I wasn't positive, but I felt even "not one of the awful parties" was a better heuristic than most people would use, so I went with my best guess (both independents)

Is spoiling your ballot superior to not turning up? My instinct says very much yes -- a ballot with 100% turnout and 100% spoiled ballots is a clearer protest than 0% turnout, since the latter might just be apathy. But it's also true that many people will judge purely by the turnout and not the results, or attribute all spoiled ballots to incompetence.

I was interested to observe the process. I virtuously filed my polling card in my "electoral reg" file, and found it instantly on polling morning, so a big win for organisation there: usually I'd have it, but it'd be sitting on my "urgent stuff" pile between when I received it and when I used it.

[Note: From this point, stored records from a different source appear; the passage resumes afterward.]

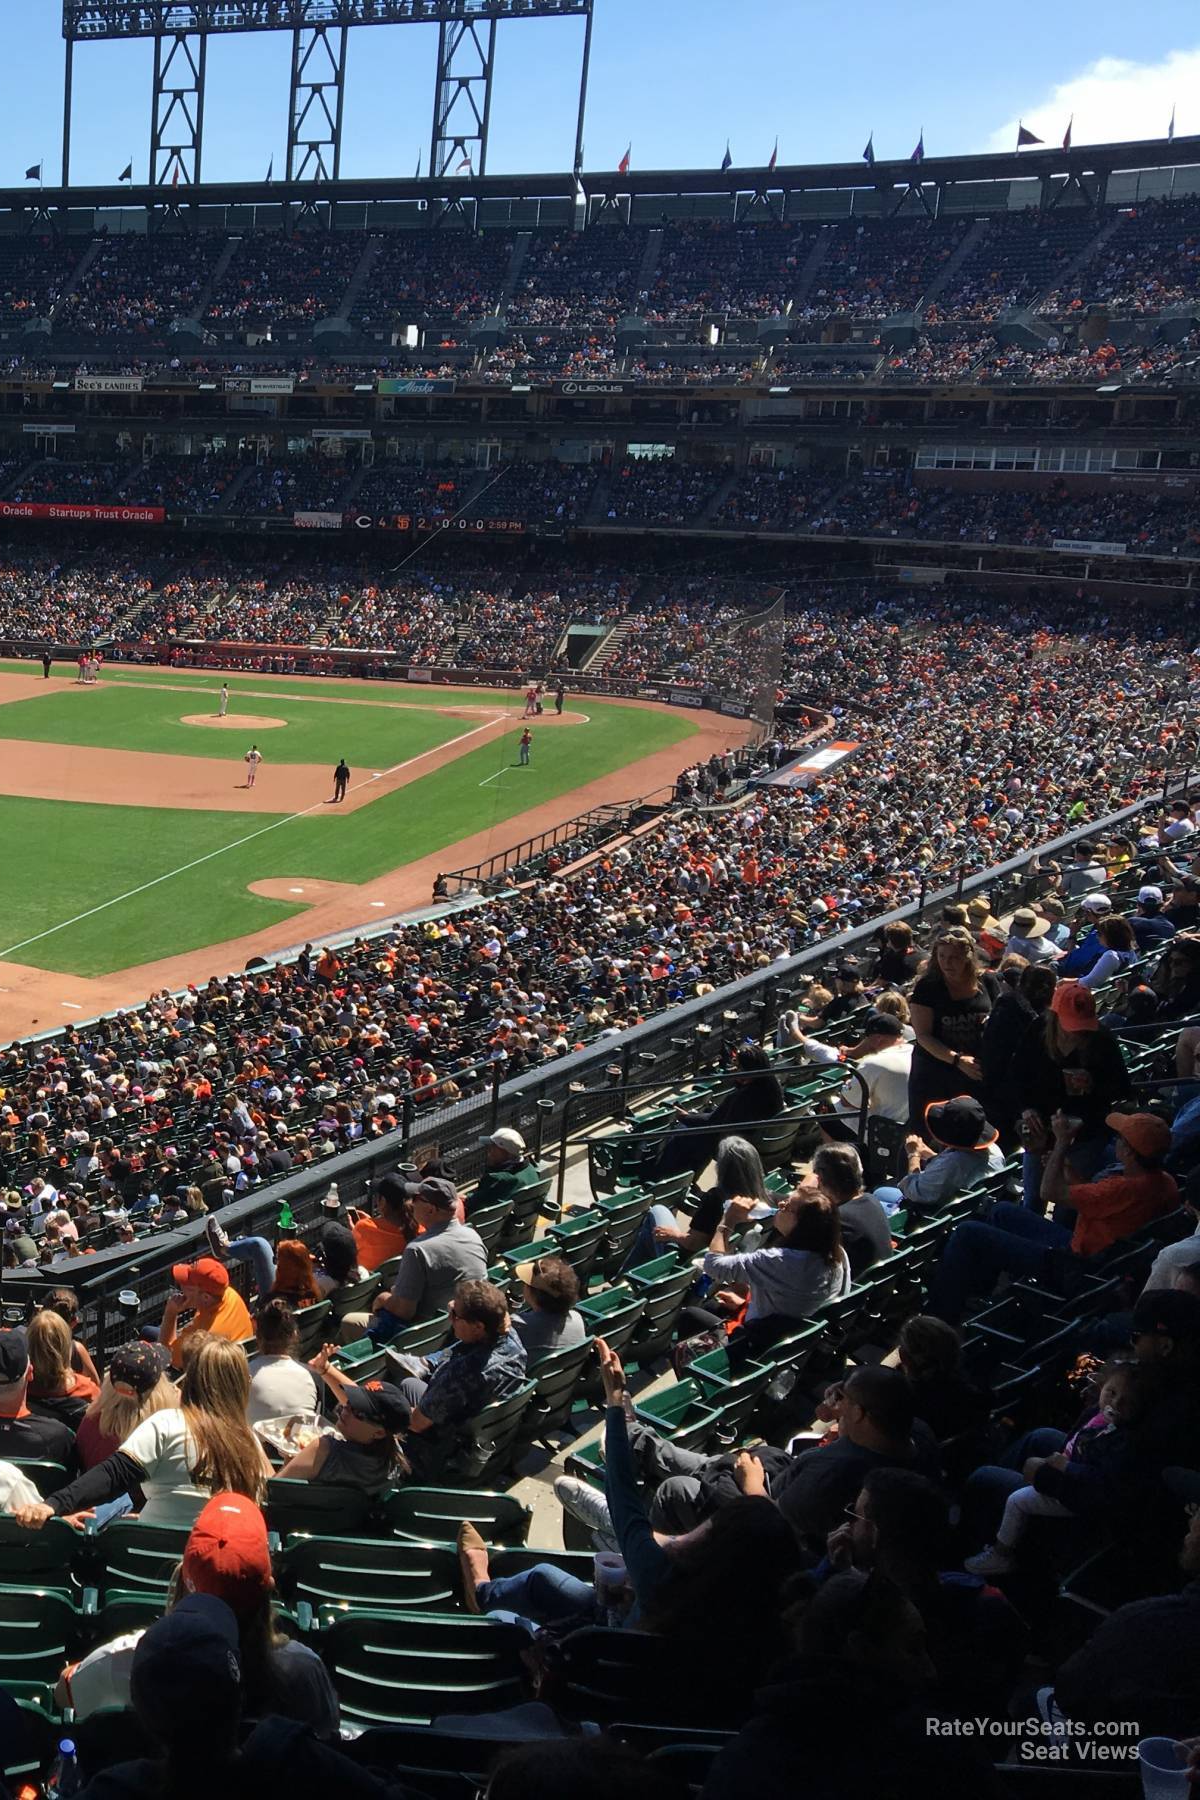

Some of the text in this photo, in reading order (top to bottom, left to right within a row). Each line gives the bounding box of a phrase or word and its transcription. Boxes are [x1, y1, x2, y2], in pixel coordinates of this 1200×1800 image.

[77, 379, 139, 391] See's CANDIES
[399, 380, 434, 393] Alaska
[578, 385, 623, 393] LEXUS
[2, 505, 33, 516] Oracle
[48, 507, 154, 521] Startups Trust Oracle
[417, 518, 426, 529] 2
[509, 521, 522, 529] PM
[670, 693, 703, 706] GEICO
[720, 702, 745, 715] GEICO

Unfortunately, it seemed the postman had exchanged poll cards with my neighbour and neither of us noticed until it was too late. So I felt a little silly, but I was very glad I didn't need it to vote, else I likely wouldn't have been able to, or only if I went through some additional faff. I don't know if I'd have managed to check sooner if I'd known it was necessary: maybe, but it made me appreciate how easy it is for a small mistake to deny someone the right to vote if the government cracks down. Especially if the government has a plausible excuse for cracking down in some areas and not others: that's blatant election rigging.

On the other hand, I was surprised that you really do only need to give your name and address to vote. It works surprisingly well considering, and I guess if you tried to vote for someone else, they'd notice when the real one came in, although at that point there's presumably no way of recovering the first ballot paper? But if you know someone's not voting, it seems there's nothing really stopping you claiming to be them.

And recording who's voted is itself a potential security flaw: voting is private, traditionally to prevent people being manipulated into voting for someone. But if you were in a position to intimidate someone into voting for who you wanted, you could do half as well by telling them not to vote, and it seems fairly easy to spot who has and who hasn't.